The study by the Child Care Employee Project, which experts say is the most comprehensive national inquiry of its kind in more than a decade, cites an “alarming decline” in salaries, despite increased levels of education and training among child-care staff.

The group, which specializes in child-care working conditions, also states that low wages have led to a tripling of staff turnover at child-care centers nationwide in the past decade, “posing a severe threat to the quality” of such facilities.

The study could add fuel to the debate over child-care legislation now heating up in the Congress. It concludes that of the workplace conditions likely to affect the quality of child-care programs, wages are ''the most important predictor.”

Confirms Anecdotal Evidence

The study documents “what we’ve had anecdotal evidence about all along in terms of the severity of the problem,” said Barbara A. Willer, a spokesman for the National Association for the Education of Young Children.

The “National Child-Care Staffing Study” is based on observations, interviews, and assessments of 227 child-care centers in Atlanta, Boston, Detroit, Phoenix, and Seattle. It was funded by a consortium of foundations, including the Ford Foundation, the Foundation for Child Development, and the Spunk Fund.

The report describing the study, “Who Cares? Child Care Teachers and the Quality of Care in America,” states that child-care wages, when adjusted for inflation, fell by more than 20 percent over the past 10 years, with the average teacher now earning $5.35 an hour.

More than half of the assistant teachers and almost three-quarters of the teachers in the study had some college background, compared with fewer than half of the women in the civilian labor force.

But the study found that child-care teachers and aides earn less than half as much as “comparably educated” women, and less than one-third as much as comparably4educated men.

According to the study, child-care teachers with some college background earn $9,293 per year on the average, while comparable women in the civilian labor force earn $19,369 and comparable men earn $29,251.

Staff turnover jumped from 15 percent in 1977 to 41 percent in 1988, states the report, which notes that staff members earning the lowest pay were twice as likely as the highest paid ones to quit their jobs.

The report found a correlation between the stability of centers’ staffs and the quality of care provided to children.

Children in centers with higher turnover rates, for example, “spent less time engaged in social activities with peers,” more time in “aimless wandering,” and had lower vocabulary-test scores than did those in centers with more stable staffs.

The report also states that children attending “lower-quality” child-care centers and those with more teacher turnover were less competent in language and social development.

Action in the Congress

Both the House and Senate versions of the proposed “act for better child-care services” would allow states to use funds to enhance workers’ salaries.

The Senate would allow up to 22 percent of the $1.75-billion measure to support “quality improvement,” which could include pay raises.

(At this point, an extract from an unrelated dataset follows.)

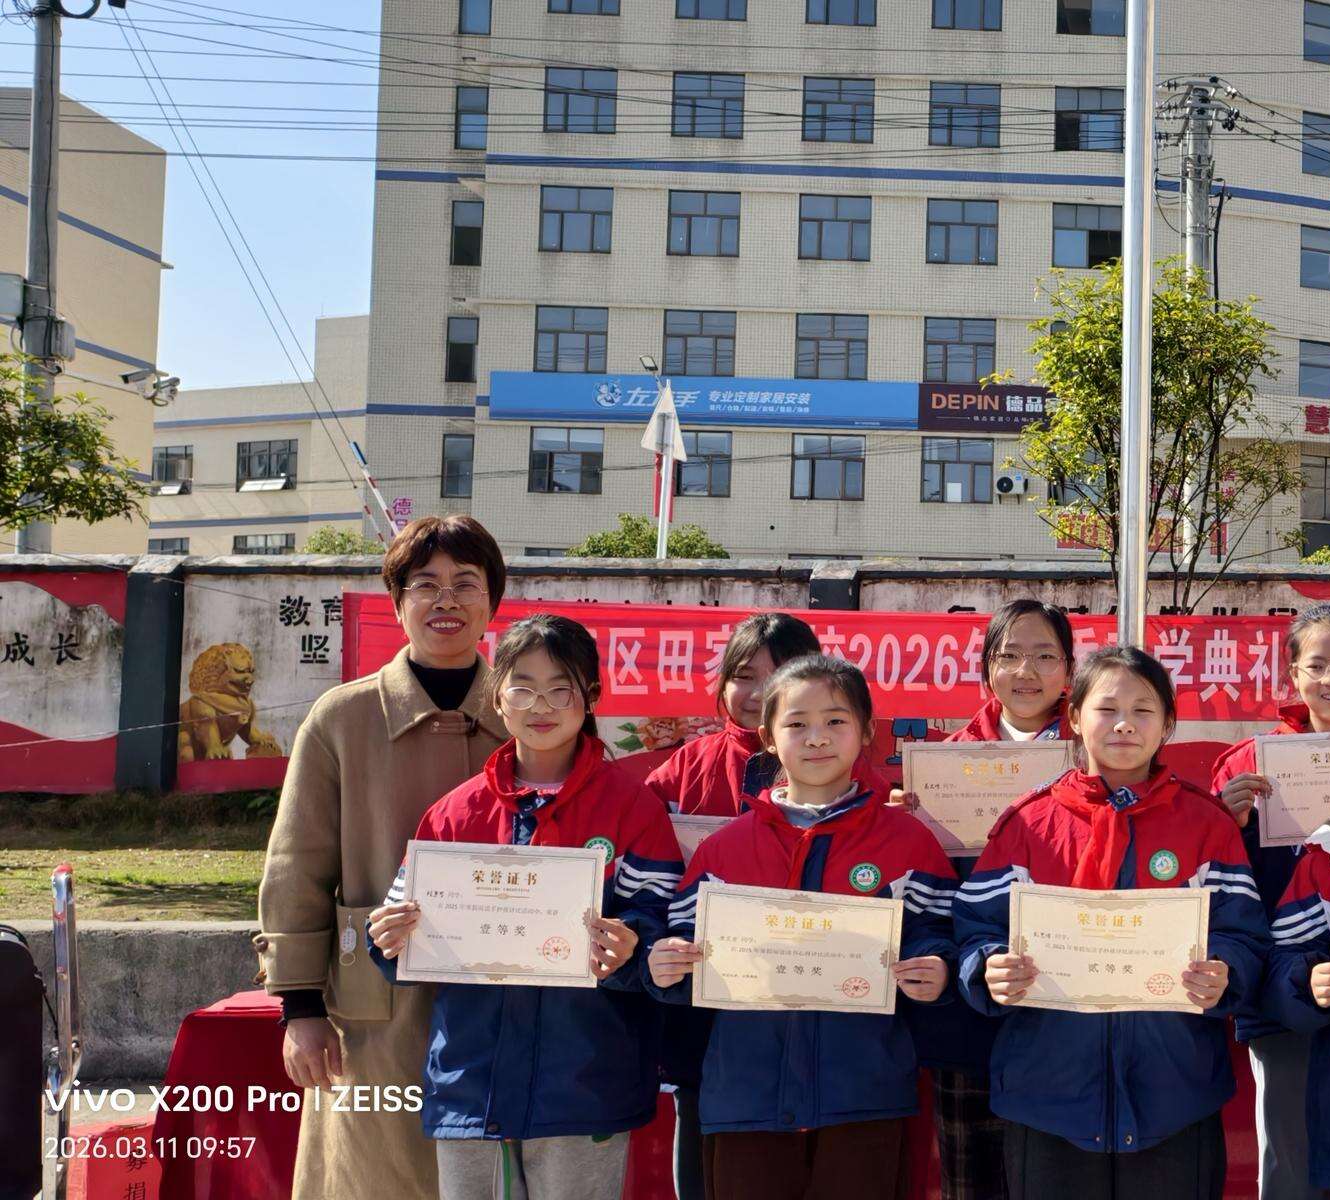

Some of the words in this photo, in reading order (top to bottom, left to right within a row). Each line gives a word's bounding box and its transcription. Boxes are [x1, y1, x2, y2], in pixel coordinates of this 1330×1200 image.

The House version would earmark specific shares of funds for improving wages in various kinds of child-care programs. It would also require states to document improvements every four years in salaries and compensation in programs funded under the bill.

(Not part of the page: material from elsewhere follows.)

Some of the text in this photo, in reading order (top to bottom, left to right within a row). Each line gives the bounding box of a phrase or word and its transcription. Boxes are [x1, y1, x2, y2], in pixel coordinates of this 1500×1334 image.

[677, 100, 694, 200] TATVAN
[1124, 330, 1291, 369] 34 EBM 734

The report recommends promoting education and training for child-care teachers, adopting training and staff-child ratio standards at the federal and state levels, and developing industry standards for the work environment to “minimize the disparities” in working conditions at various child-care programs.

Compared with a decade ago, the report states, centers today receive less public aid, are less likely to be nonprofit, and care for larger numbers of infants. It found that “better-quality centers” were most often operated on a nonprofit basis, accredited by the n.a.e.y.c., and located in states with strict rules governing such factors as adult-child ratios, group size, and staff training.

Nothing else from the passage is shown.